You already know a handful of cool sounding voicings but chord-melody arrangements may still be tough. Ever listen to Wes Montgomery’s few unaccompanied chord solos and marvel at how beautiful they are in their simplicity yet they sound so incredible? You may recognize every chord shape Wes is playing, (mostly drop 2 and drop 3 inversions) but how did he arrange it to be so musically satisfying? I’ll offer my insight to this important question and others, recorded live so that questions can be asked at anytime during the recording!
Using the tunes “The Days Of Wine and Roses” and Horace Silver’s “Peace” we’ll compare a variety of choruses on my arrangements included in the class materials (in TAB and/or chord diagram form as well as standard notation.) We’ll look deeply into arranging chord solos that use common chord forms but incorporate some very important musical devices and theory/harmonic principles. Some of these include phrasing (rubato and tempo), the many types of chord substitution principles; introducing color tones or extensions to common chord shapes, changing chord qualities, approach chords, tritone subs, line clichés, and more. Simple yet effective harmonic devices will be shared, the ones you hear the greats use; stock chordal phrases and the more creative ones, along with the theory behind what makes them work. Often simple chromatic motion within a chord form can go a long way in creating interest when the melody is at rest. At times the music may call for dense chords, or inversely, sustained chords with melody notes played over top. We’ll also examine some simple types of single note fills that can be incorporated into an arrangement. If arranging chord-melody has been slow going, I hope you’ll join me for an insightful look into what makes a simple chord solo work.

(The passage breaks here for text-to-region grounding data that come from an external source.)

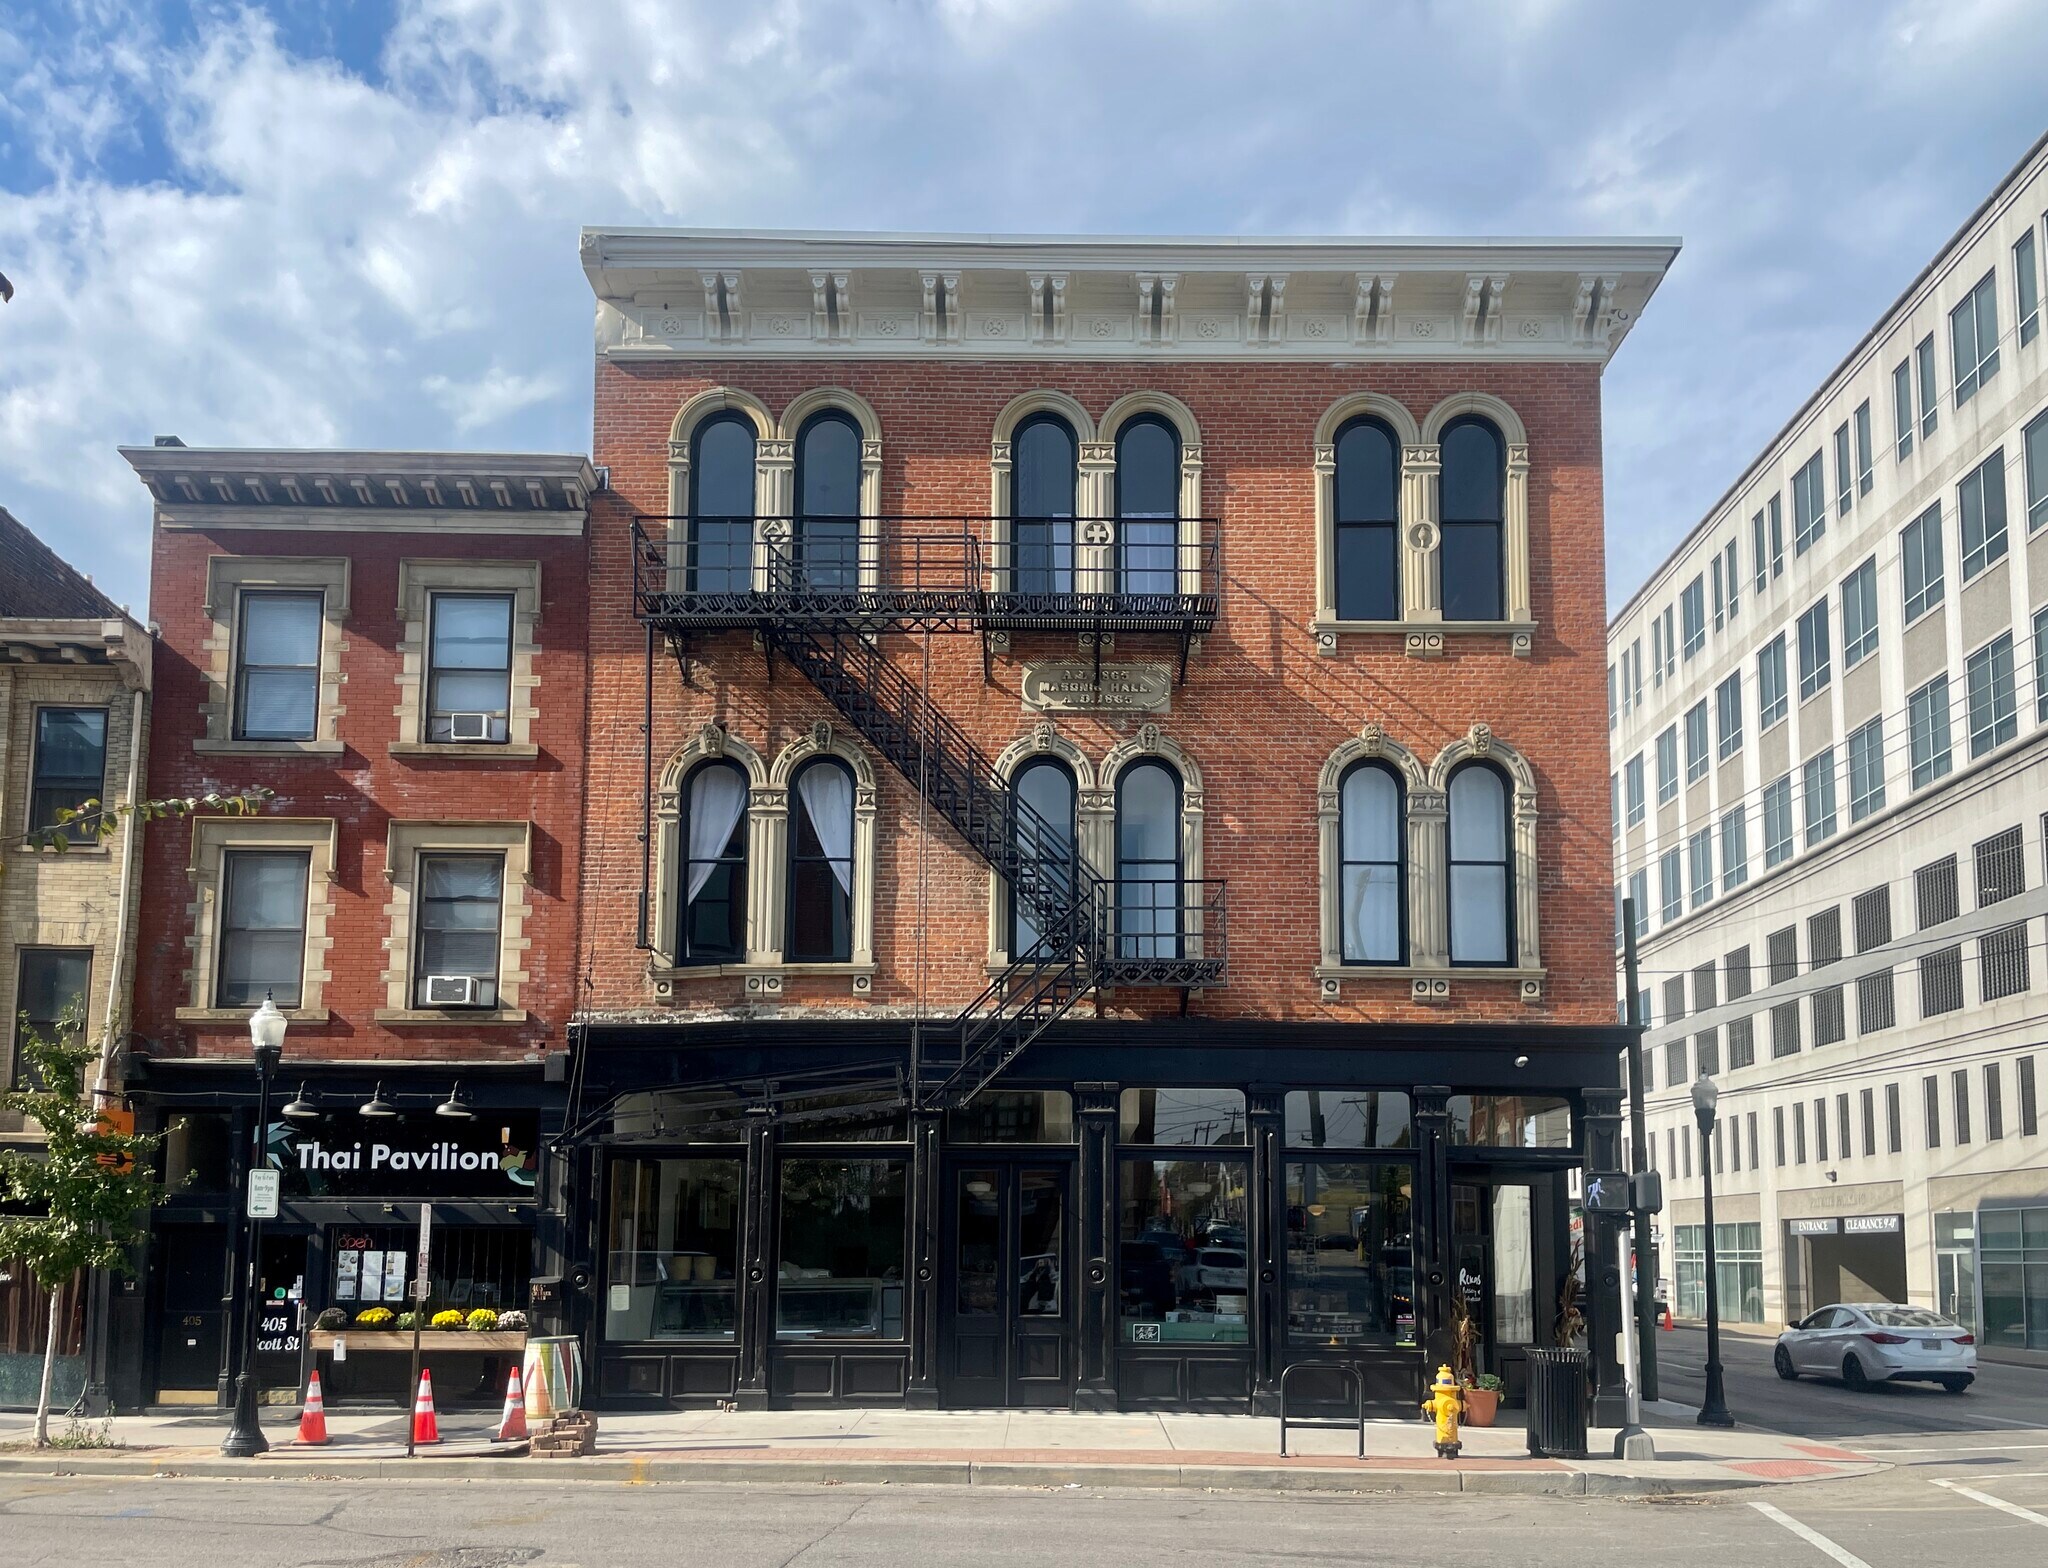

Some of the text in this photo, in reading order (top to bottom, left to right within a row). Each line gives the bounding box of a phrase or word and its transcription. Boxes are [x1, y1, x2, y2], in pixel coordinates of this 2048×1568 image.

[296, 1141, 499, 1170] Thai Pavilion
[1798, 1220, 1829, 1232] ENTRANCE
[1845, 1218, 1884, 1230] CLEARANCE
[182, 1315, 202, 1326] 405
[261, 1317, 288, 1332] 405
[257, 1335, 300, 1351] cott St
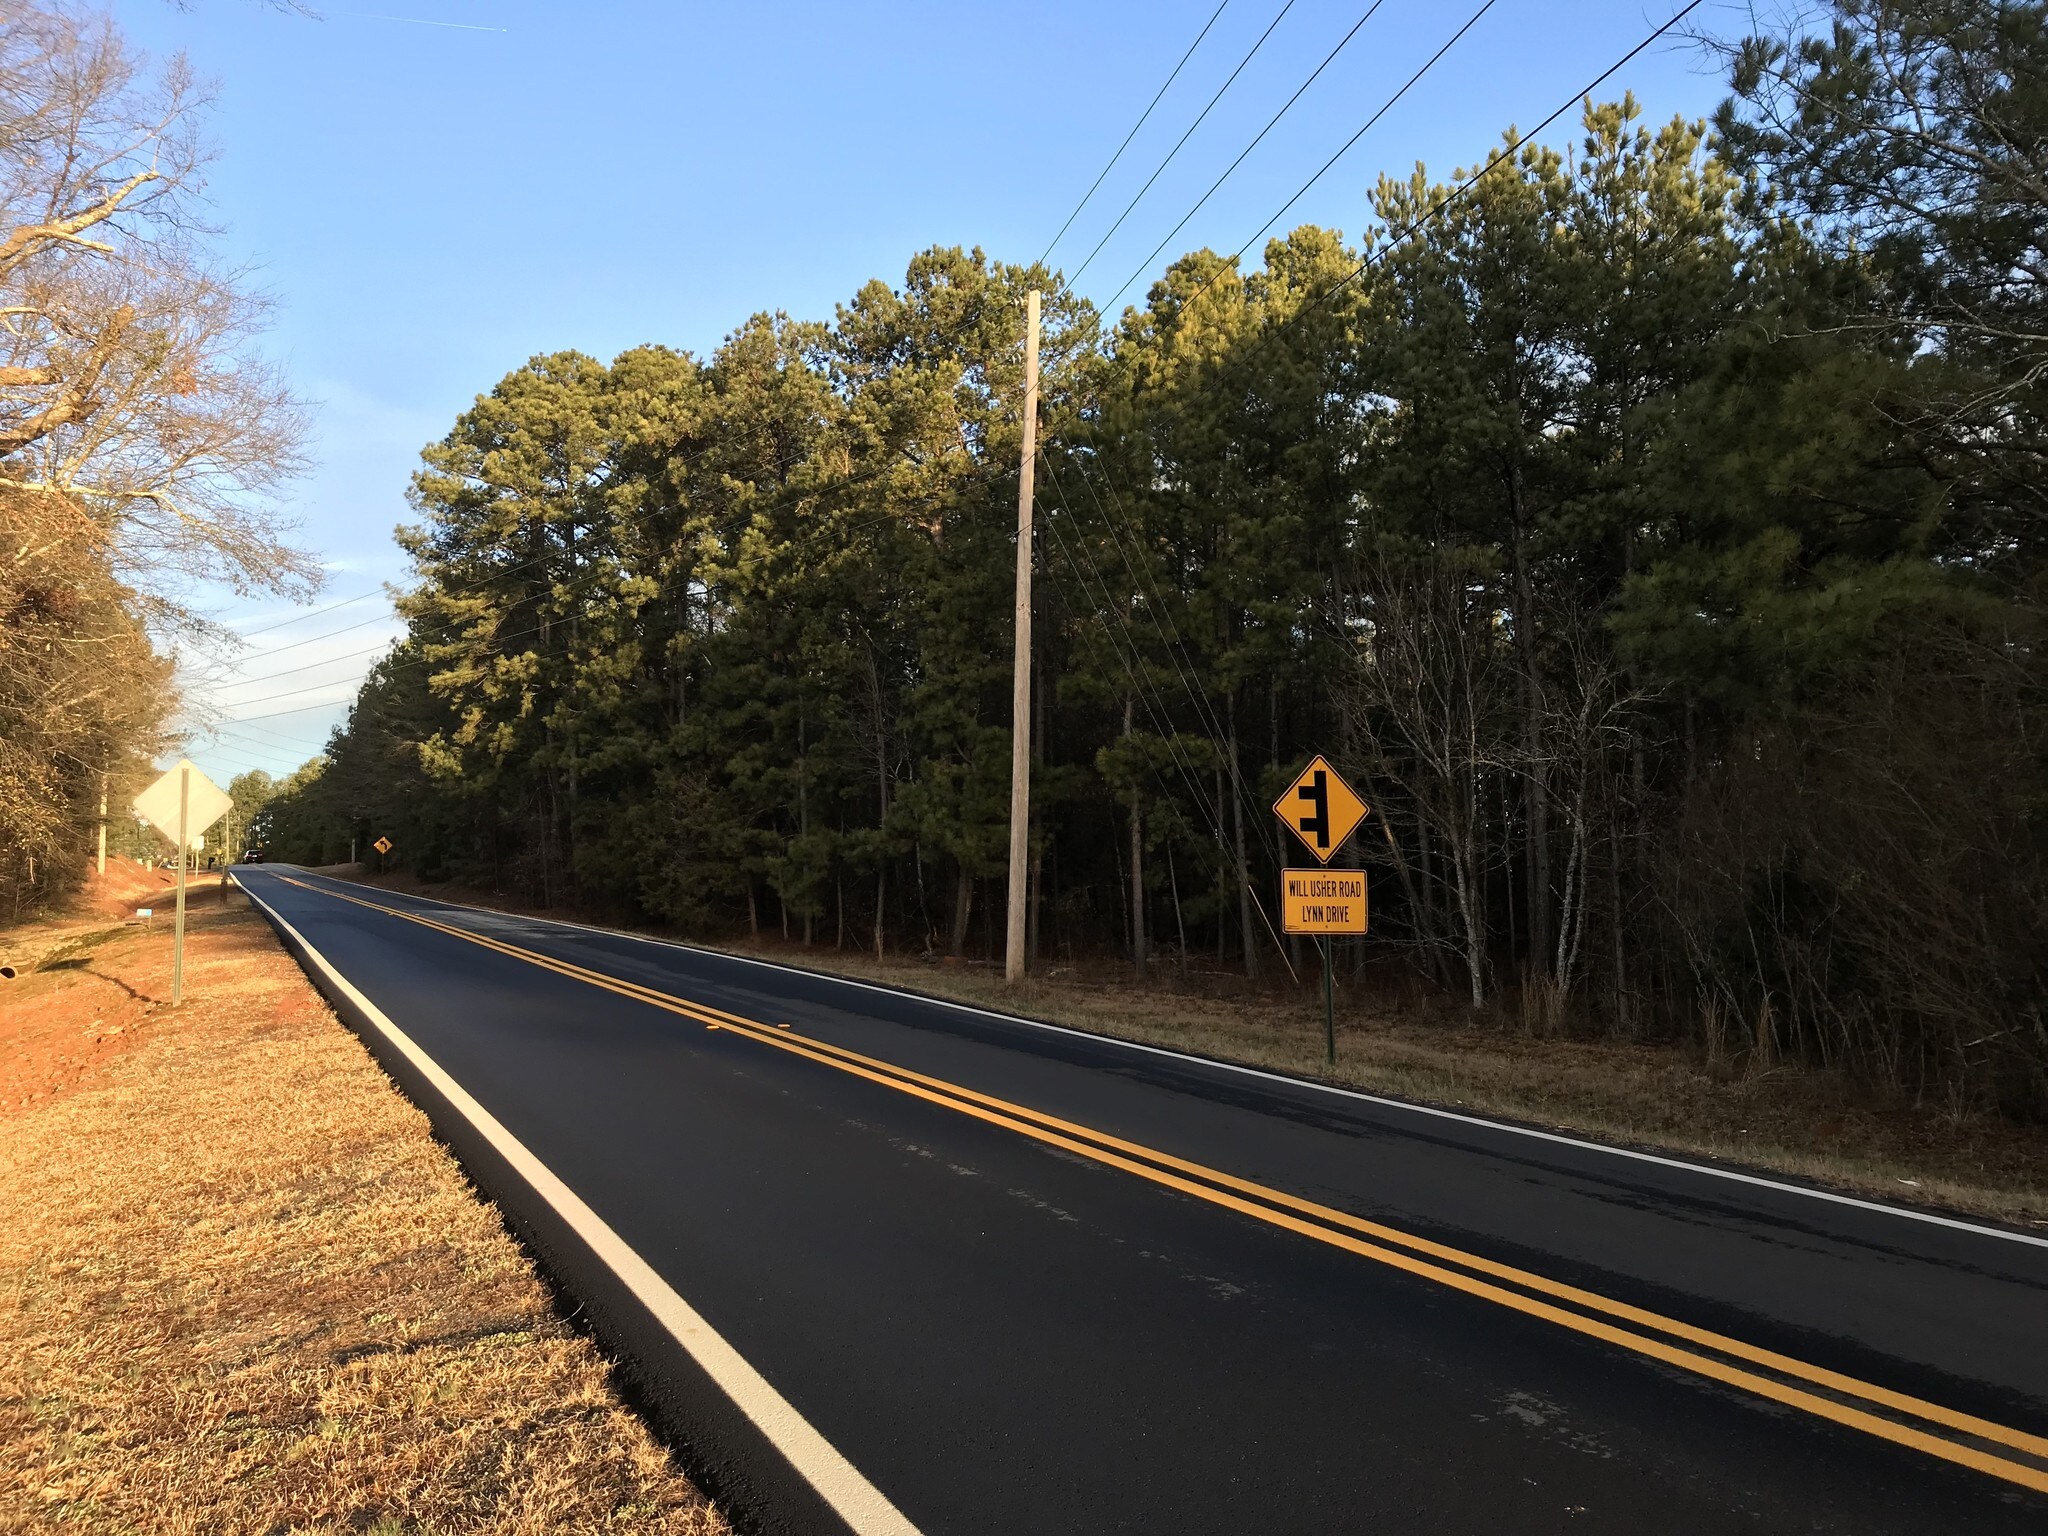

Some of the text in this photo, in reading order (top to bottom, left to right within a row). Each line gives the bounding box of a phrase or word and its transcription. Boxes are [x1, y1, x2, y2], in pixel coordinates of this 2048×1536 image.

[1289, 880, 1361, 897] WILL USHER ROAD
[1302, 906, 1349, 922] LYNN DRIVE

james seaberry (Wednesday, 15 July 2009)
I was concerned that there might not be enough material here to be worthwhile; I play out and about a lot, in 3 different groups and solo,not a pro, but still somewhat competent, and this was supposed to be "basic" level, but I have to say, that it's still something for every level with this class as well as Mr. Herberman's others. I have not gone wrong with one of his classes yet.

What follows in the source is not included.